Relatou aos pescadores que desde sua saída de Macau chovia muito forte e em vista disso já havia morrido vários animais. Explicou também que o perecimento dos animais não era causado por doença, e sim pelas precárias condições que estavam viajando. Foi então que o capitão informou que, há pouco tempo, havia morrido mais uma cabra e que seria atirada ao mar, como vinha acontecendo com todos os animais que não sobreviviam. Como eles estavam voltando para casa, ofereceu o animal para que pudesse aproveitá-lo, o que foi prontamente aceito por eles sem maiores delongas.
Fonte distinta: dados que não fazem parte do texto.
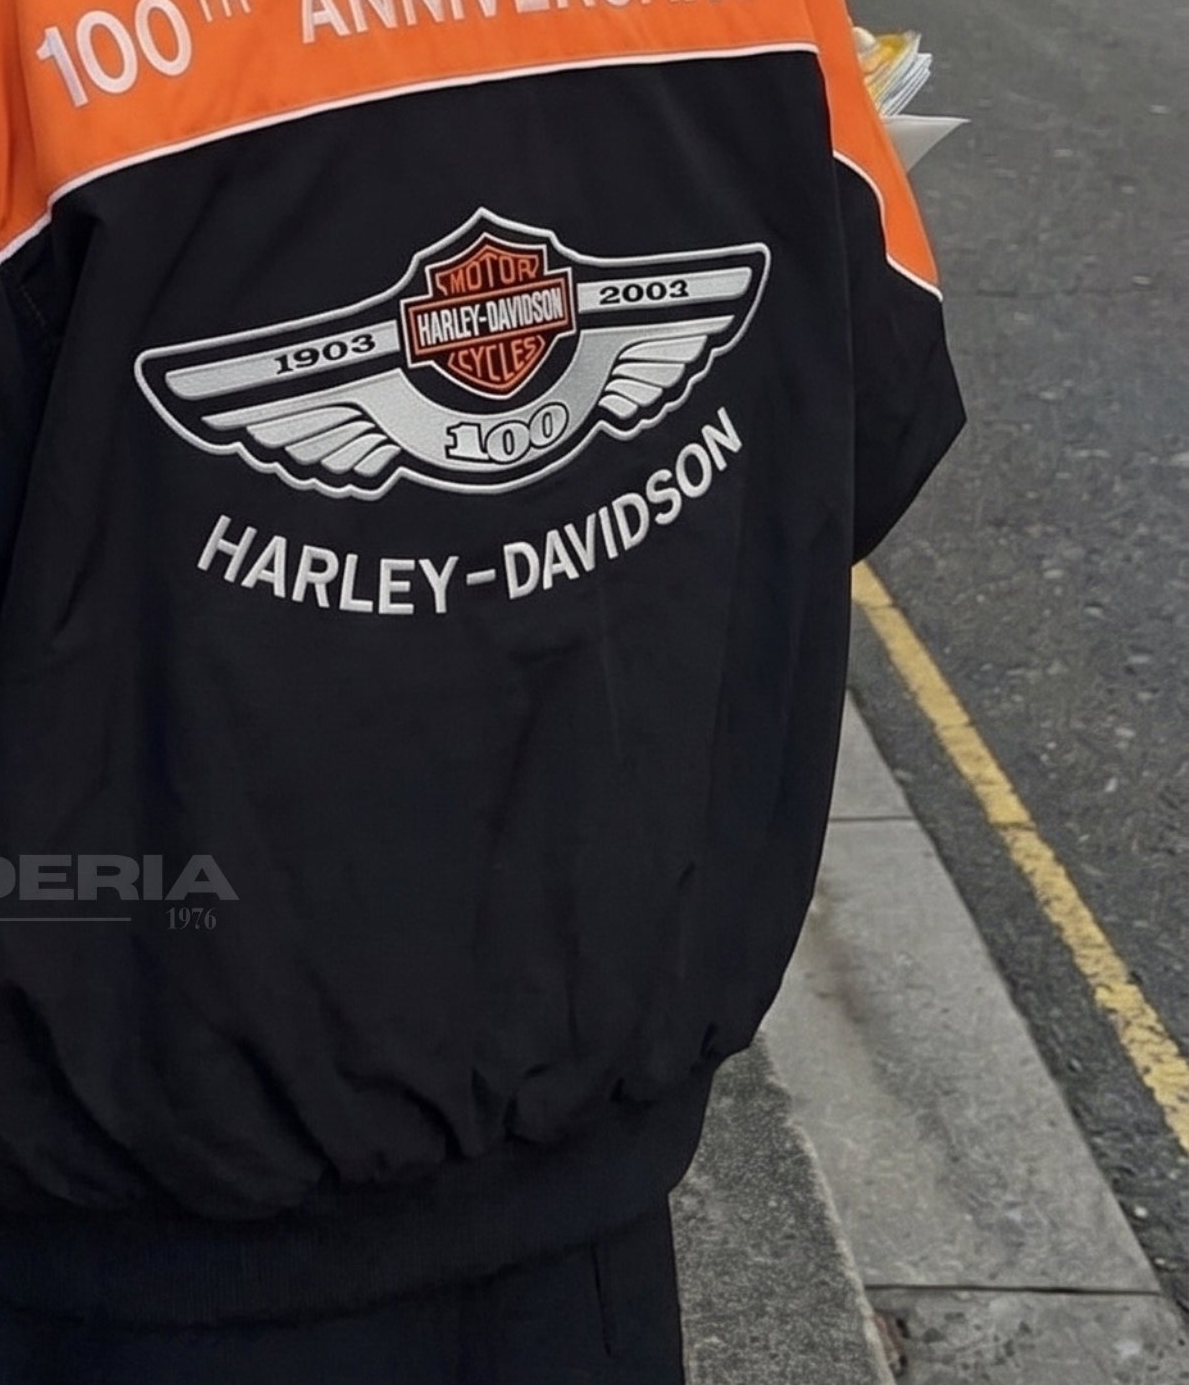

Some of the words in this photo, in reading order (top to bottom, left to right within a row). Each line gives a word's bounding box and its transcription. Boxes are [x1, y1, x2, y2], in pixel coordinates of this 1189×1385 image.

[449, 251, 537, 295] MOTOR
[598, 279, 690, 306] 2003
[416, 286, 565, 348] HARLEY-DAVIDSON
[273, 333, 377, 376] 1903
[457, 335, 538, 382] CYCLES
[446, 402, 569, 464] 100
O barco havia sido rebocado por um tempo, quando avistam outro bote navegando em sua direção. Eram o mestre Francisquinho e seu companheiro Zé Inquim, que como João Peixinho havia previsto, notando a demora em seu retorno, já vinham em seu socorro.
O navio seguiu viagem e os pescadores retornaram a Pipa com o porão do barco cheio de peixes e mais uma cabra, presente do capitão. Esse inusitado presente terminou por transformar-se em objeto de grande polêmica: o dono do barco que por tradição e contrato, tem direito a metade de tudo que for pescado, quis estender seus direitos ao presente do capitão. Foi prontamente repudiado por João Peixinho, alegando que somente os peixes eram passivos de divisão. Não chegando a um entendimento com o patrão que insistia na divisão de tudo, resolveu deixar o emprego temporário, mas manteve-se firme em sua posição.
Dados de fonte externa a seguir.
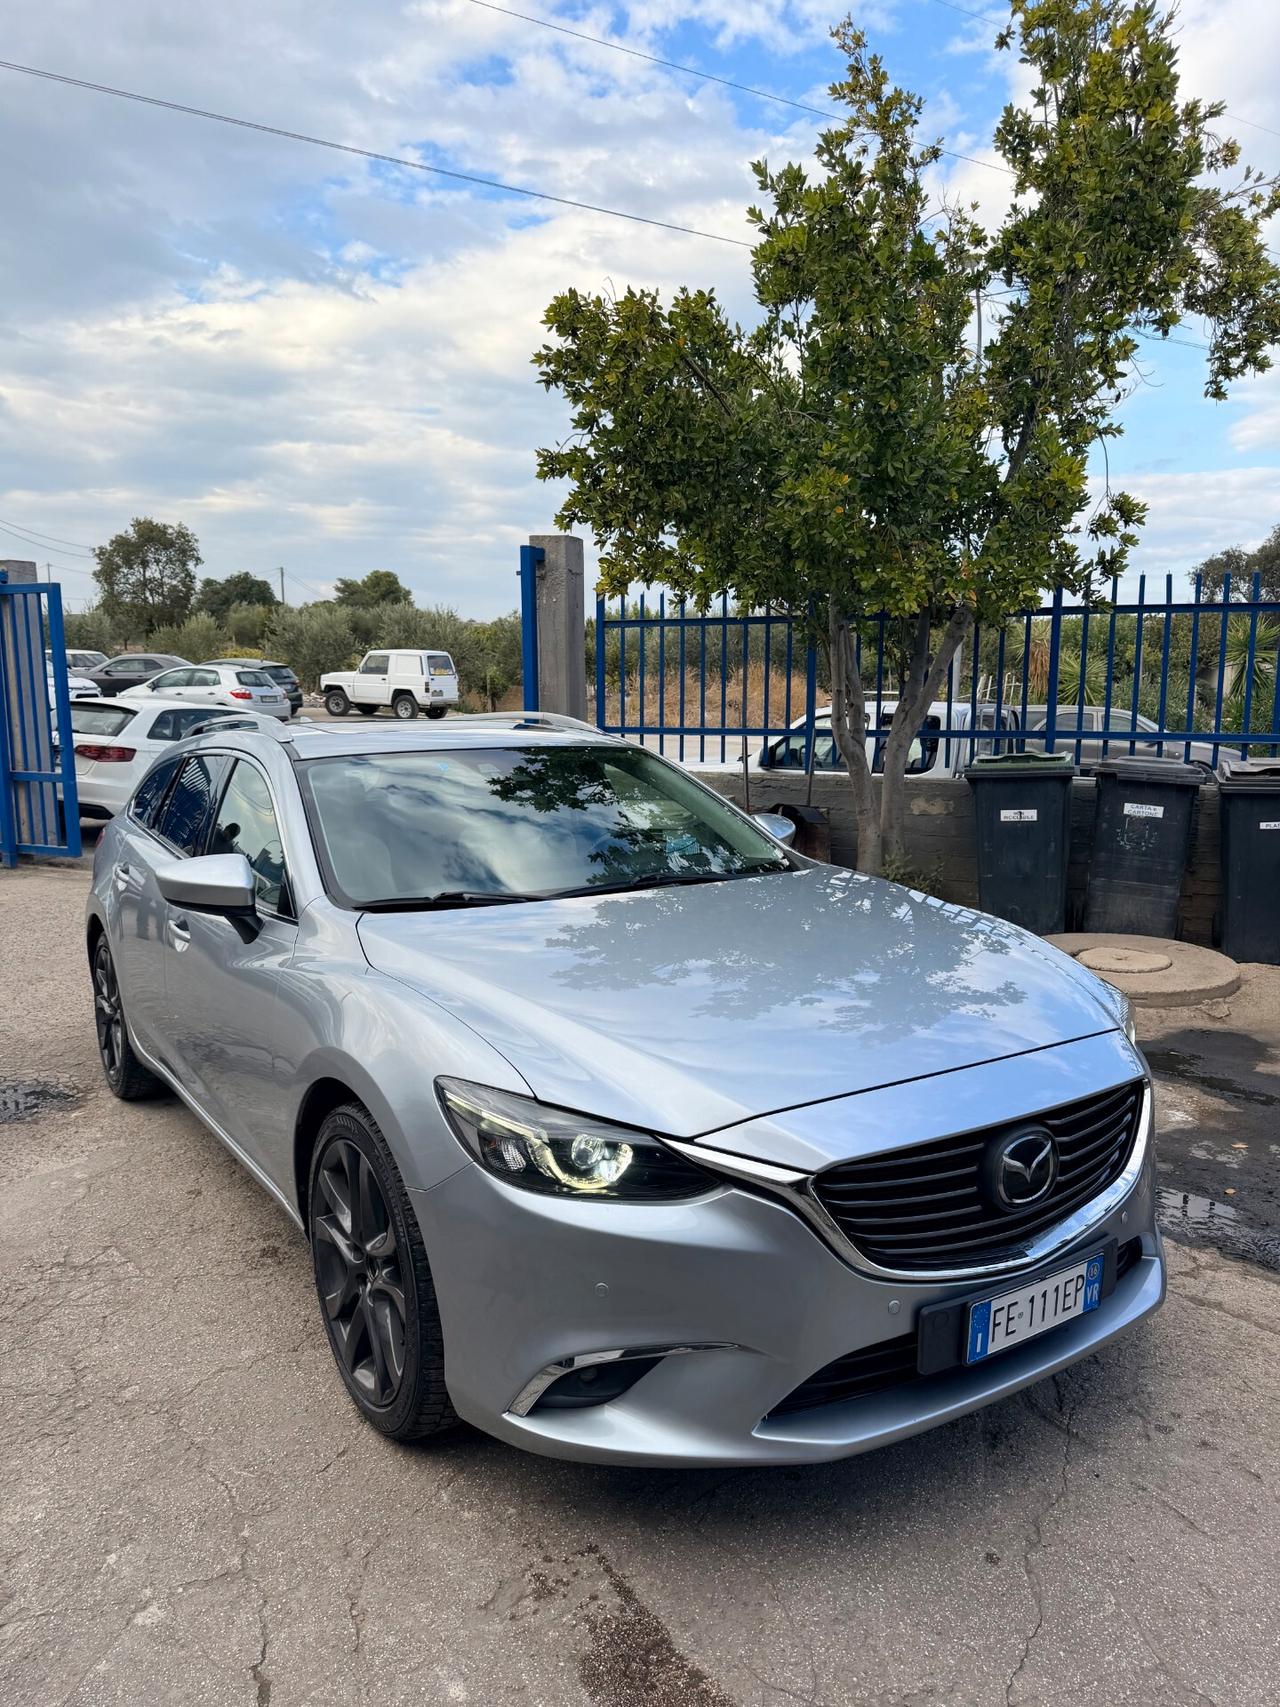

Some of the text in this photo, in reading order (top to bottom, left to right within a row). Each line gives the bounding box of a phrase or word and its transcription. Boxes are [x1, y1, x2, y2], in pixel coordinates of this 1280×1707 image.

A vida inteira passada no mar, dota o pescador de muita experiência que é adquirida, no duro enfrentamento das mais adversas condições que encontram na luta pela sobrevivência. Para se tornar um mestre de banco como foi o caso de João Peixinho, é condição básica saber se orientar em alto mar, principalmente quando não fosse possível enxergar as “marcas de terra”. À noite, a orientação era feita pelos astros e estrelas. Durante o dia era a posição que os ventos ou mesmo as correntes marítimas, que lhe indicavam a direção a seguir.
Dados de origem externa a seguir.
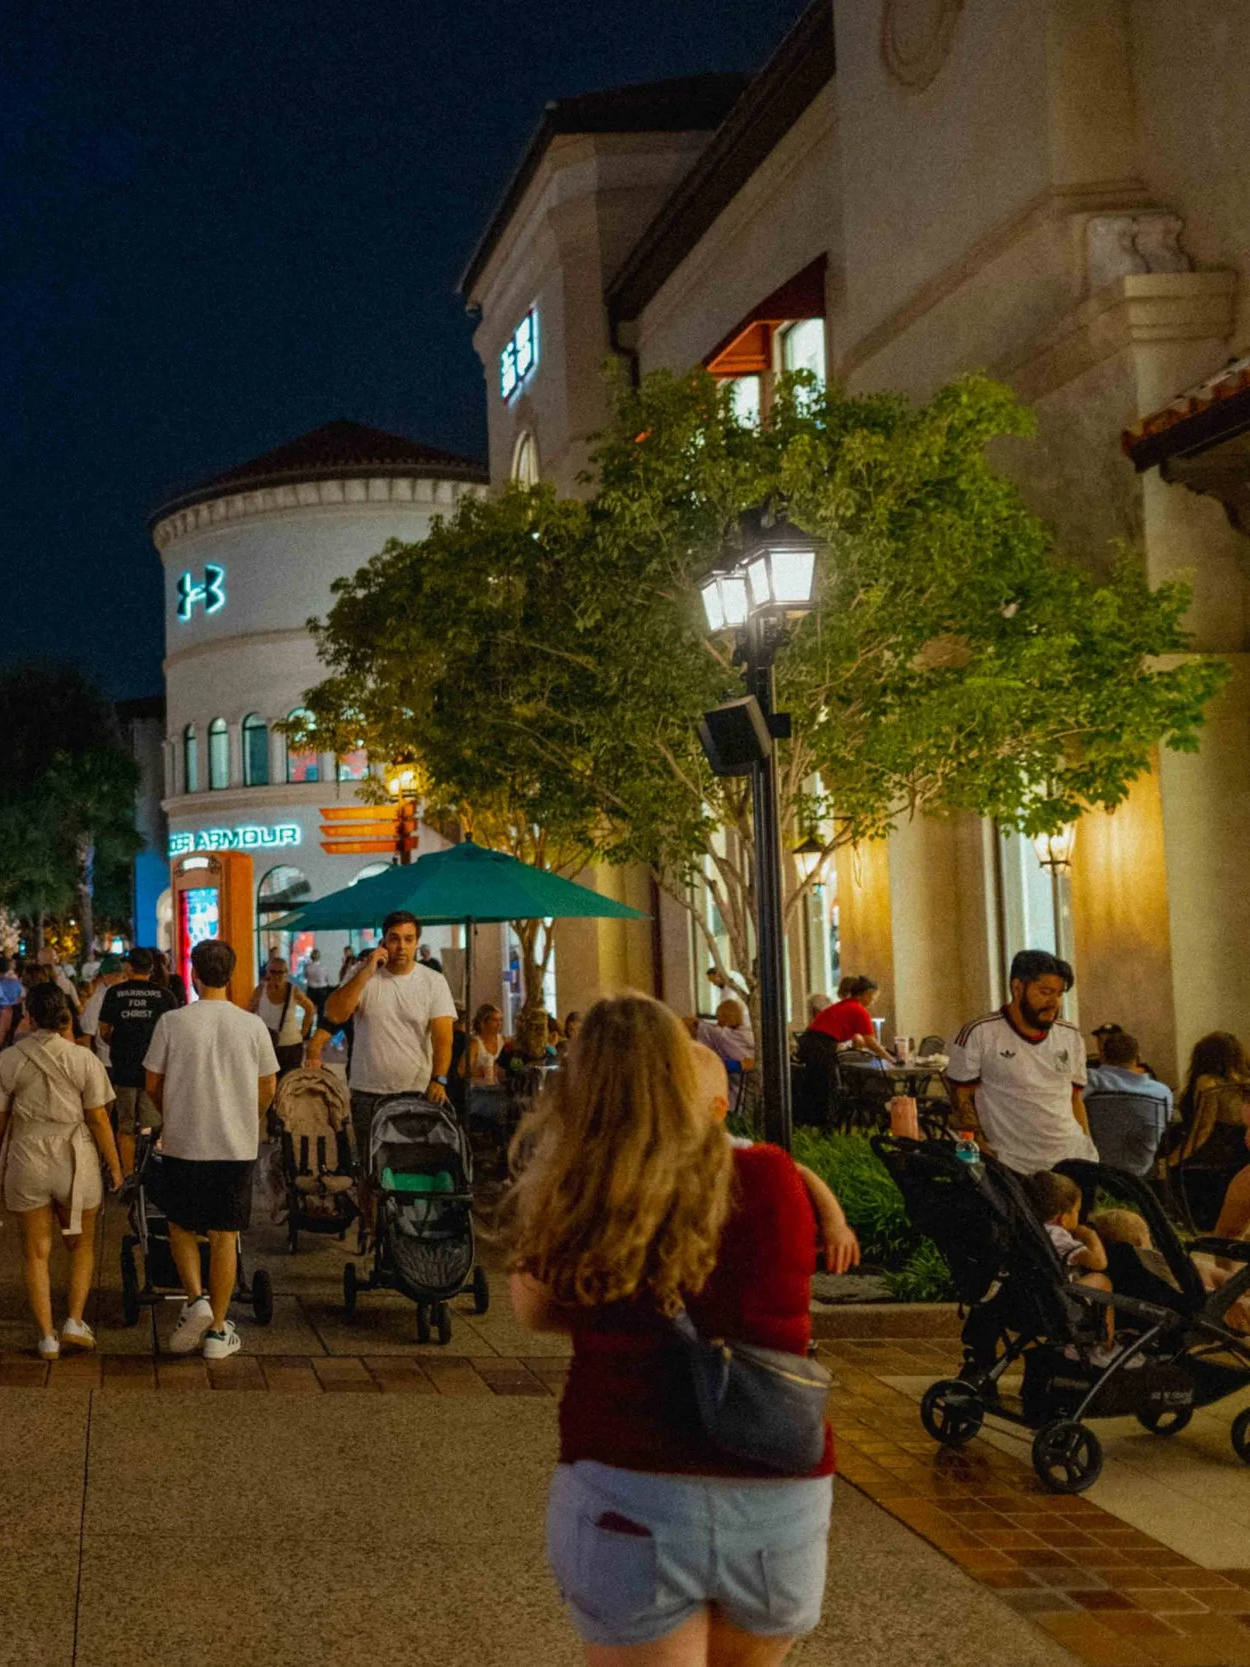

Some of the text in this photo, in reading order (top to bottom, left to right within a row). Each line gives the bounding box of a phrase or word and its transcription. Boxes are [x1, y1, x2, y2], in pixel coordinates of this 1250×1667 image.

[194, 823, 299, 852] ARMOUR
[116, 989, 162, 998] WARRIORS
[128, 998, 147, 1007] FOR
[120, 1009, 153, 1019] CHRIST
João Peixinho pescou embarcado por vários anos até que tendo sofrido uma tentativa de assassinato, ficou com seqüelas que o impediu de continuar na atividade. Desde que se aposentou, sua área de pesca limita-se aos recifes de coral que ficam em frente a sua morada. Lá mostra toda sua experiência na pesca de pequenos peixes, com sua inseparável pindaúba. Ver-se habilidade também ao aprisionar cardumes de tainhas, com precisos arremessos de tarrafa e principalmente na destreza com que captura moréias e polvos que se escondem nas locas dos recifes de coral.

Durante essa entrevista me confidenciou com profunda tristeza que atualmente, esta cada vez mais difícil e escassa a pesca nos parrachos. Novamente o ser humano no afã de conseguir tudo na Lei do menor esforço, esta se utilizando nessas capturas, de uma técnica que reputamos no mínimo criminosa. Sem nenhum compromisso com a preservação do próprio ambiente em que vive, descobriu uma maneira de realizar esta captura utilizando apenas um recipiente tipo “sprei” contendo água sanitária. Esse produto é borrifado nas locas, onde se escondem esses animais, e no mesmo instante tudo que estiver naquele local, morre de imediato.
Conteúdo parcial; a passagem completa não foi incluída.